While the GPL doesn't restrict what data a program *uses*, it *does*
restrict your ability to redistribute that data. Lua bytecode is code
--- it's a compiled program. Therefore, if the source that made it is
GPLd, and you're not the original author, then you must provide a means
to get the source if you want to redistribute it.

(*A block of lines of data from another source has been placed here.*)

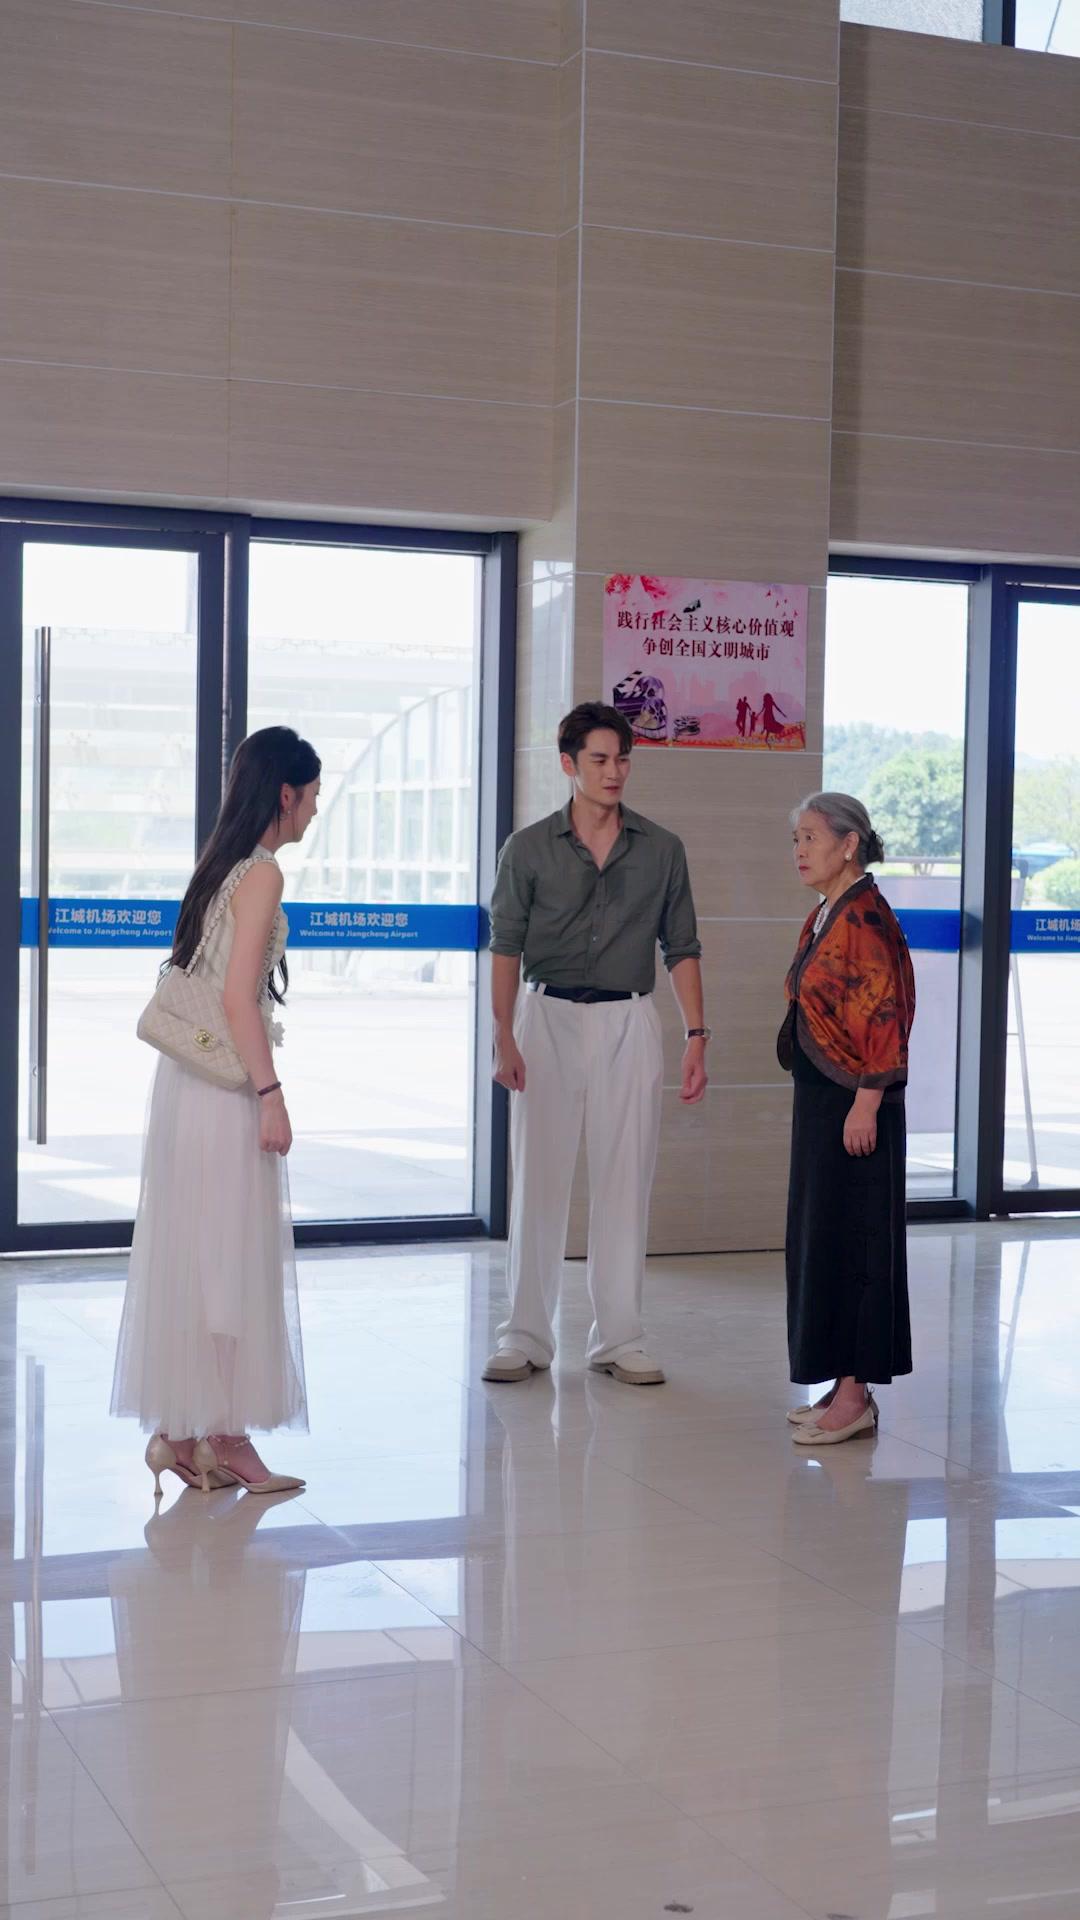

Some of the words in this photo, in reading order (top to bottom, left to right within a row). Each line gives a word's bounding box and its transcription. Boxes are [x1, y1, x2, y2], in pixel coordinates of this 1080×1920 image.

[617, 610, 795, 638] 践行社会主义核心价值观
[642, 636, 770, 661] 争创全国文明城市
[55, 907, 162, 925] 江城机场欢迎您
[310, 911, 408, 928] 江城机场欢迎您
[94, 928, 140, 938] Jiangcheng
[142, 929, 172, 938] Airport
[299, 929, 335, 937] Welcome
[346, 929, 389, 939] Jiangcheng
[390, 930, 418, 939] Airport

On Sun, 2008-09-28 at 17:43 -0500, Rob Hoelz wrote:
> So if all the story is scripted in Lua, and it's under a CC license, I
> can't run it on a GPL engine?

You can *run* it on anything. But you won't be able to *distribute* a
combined package containing the engine and the story, because the two
different licenses are incompatible.

(There's nothing to stop you distributing the story and the engine as
different packages, each with their own license; this is how scummvm
works, which is a GPLd engine which runs proprietary data.)

...

The Oversimplified Guide To Distribution Licensing:

- all pieces of work have an owner.

- the owner can give you the work at their own discretion.

- you may only pass on a piece of work if the owner says you can. If the
owner doesn't say anything, you cannot pass it on.

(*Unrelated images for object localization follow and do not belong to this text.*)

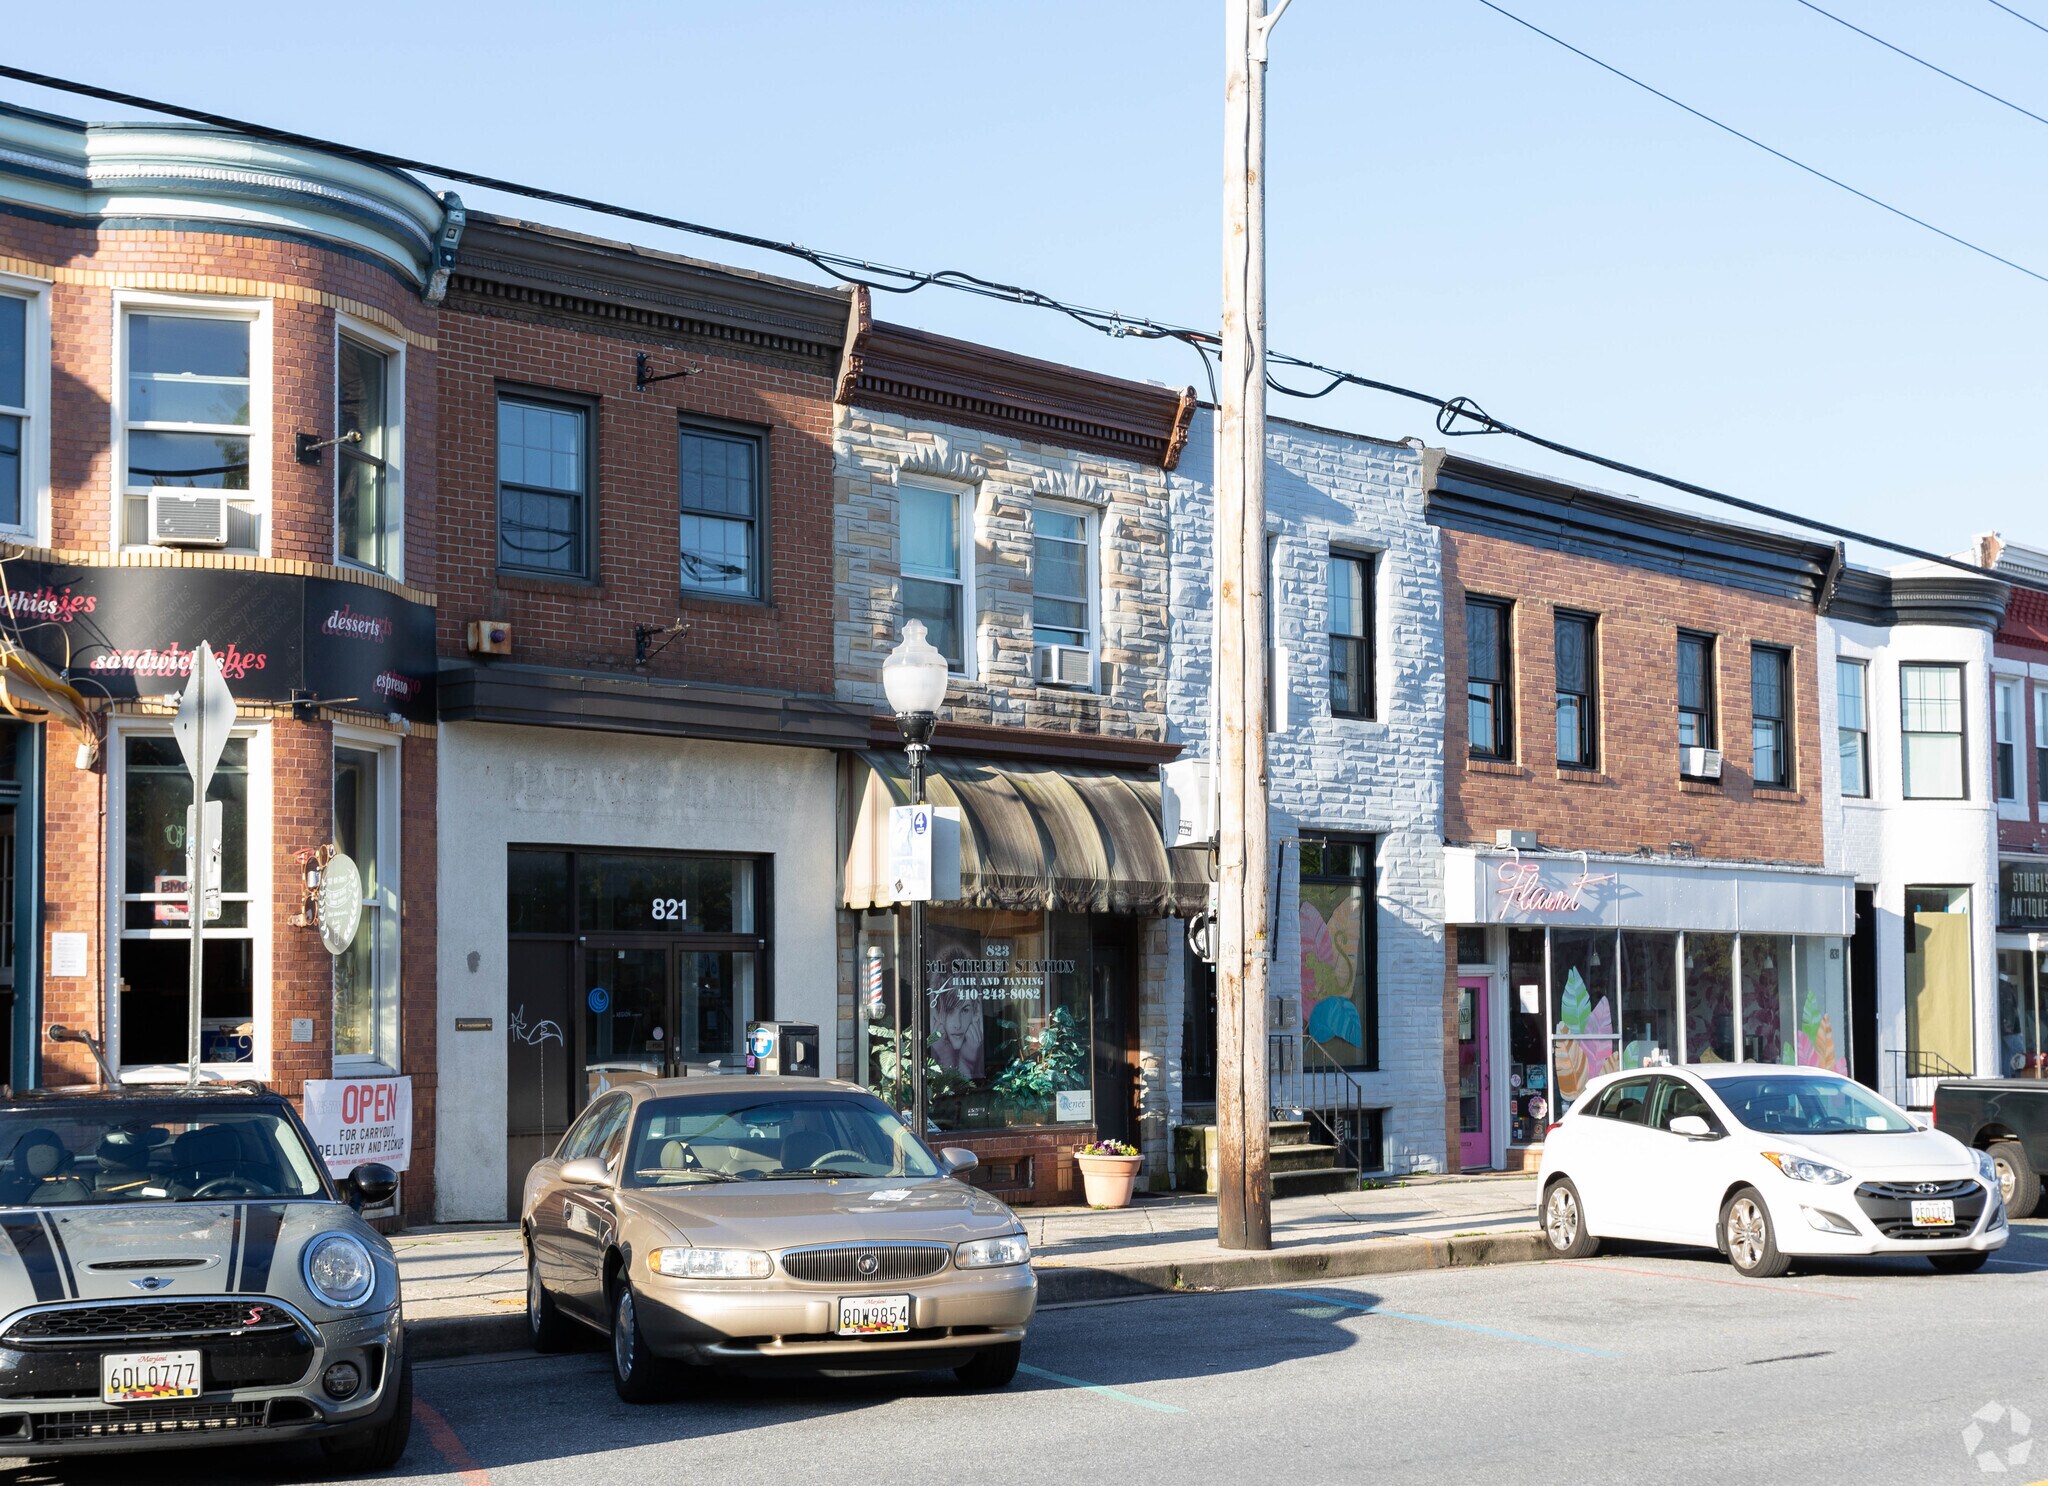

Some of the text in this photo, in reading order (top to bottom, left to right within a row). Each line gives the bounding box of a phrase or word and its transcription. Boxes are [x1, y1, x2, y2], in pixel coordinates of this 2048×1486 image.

[328, 610, 380, 636] desserts
[96, 650, 225, 671] sandwics
[377, 674, 408, 695] espresso
[915, 812, 924, 827] 4
[1498, 862, 1615, 920] Flaunt
[652, 898, 687, 920] 821
[986, 945, 1010, 957] 823
[951, 959, 1010, 974] STREET
[1015, 959, 1076, 974] STATION
[952, 977, 1044, 986] HAIR AND TANNING
[957, 988, 1041, 1000] 410-243-8082
[342, 1083, 398, 1124] OPEN
[340, 1125, 396, 1141] FOR CARRYOUT,
[318, 1138, 404, 1157] DELIVERY AND PICKUP
[843, 1306, 907, 1327] 8DW9854
[137, 1354, 168, 1364] Maryland
[110, 1363, 195, 1390] 6DL0777

- the owner may set some rules which dictate the terms in which you can
pass on the work. (This is the license.) If you can't meet the terms,
you can't pass it on.

And that's pretty much it --- all software licensing are variations (and
extensions) of the above. If you look at a few, they all contain big
chunks of boilerplate that repeat the clauses above, in legal language.
It's the rules that allow distribution that are interesting.

For commercial licenses you simply can't redistribute them.

For the MIT license, you may redistribute if: you don't change the
license of the stuff we wrote.

For the GPL license, you may redistribute if: you don't change license
of the stuff we wrote, any modifications you make must also be
distributable under the GPL, you must allow modifications to the stuff
you wrote, and if you distribute binaries you must make source code
available.

For the CC-ND license, you may redistribute if: you don't change the
license of the stuff we wrote, but you can't make modifications.

The GPL and MIT licenses are compatible because the MIT license's rules
are a subset of the GPL's. But complying with the GPL license's rules,
you're simultaneous complying with the MIT's.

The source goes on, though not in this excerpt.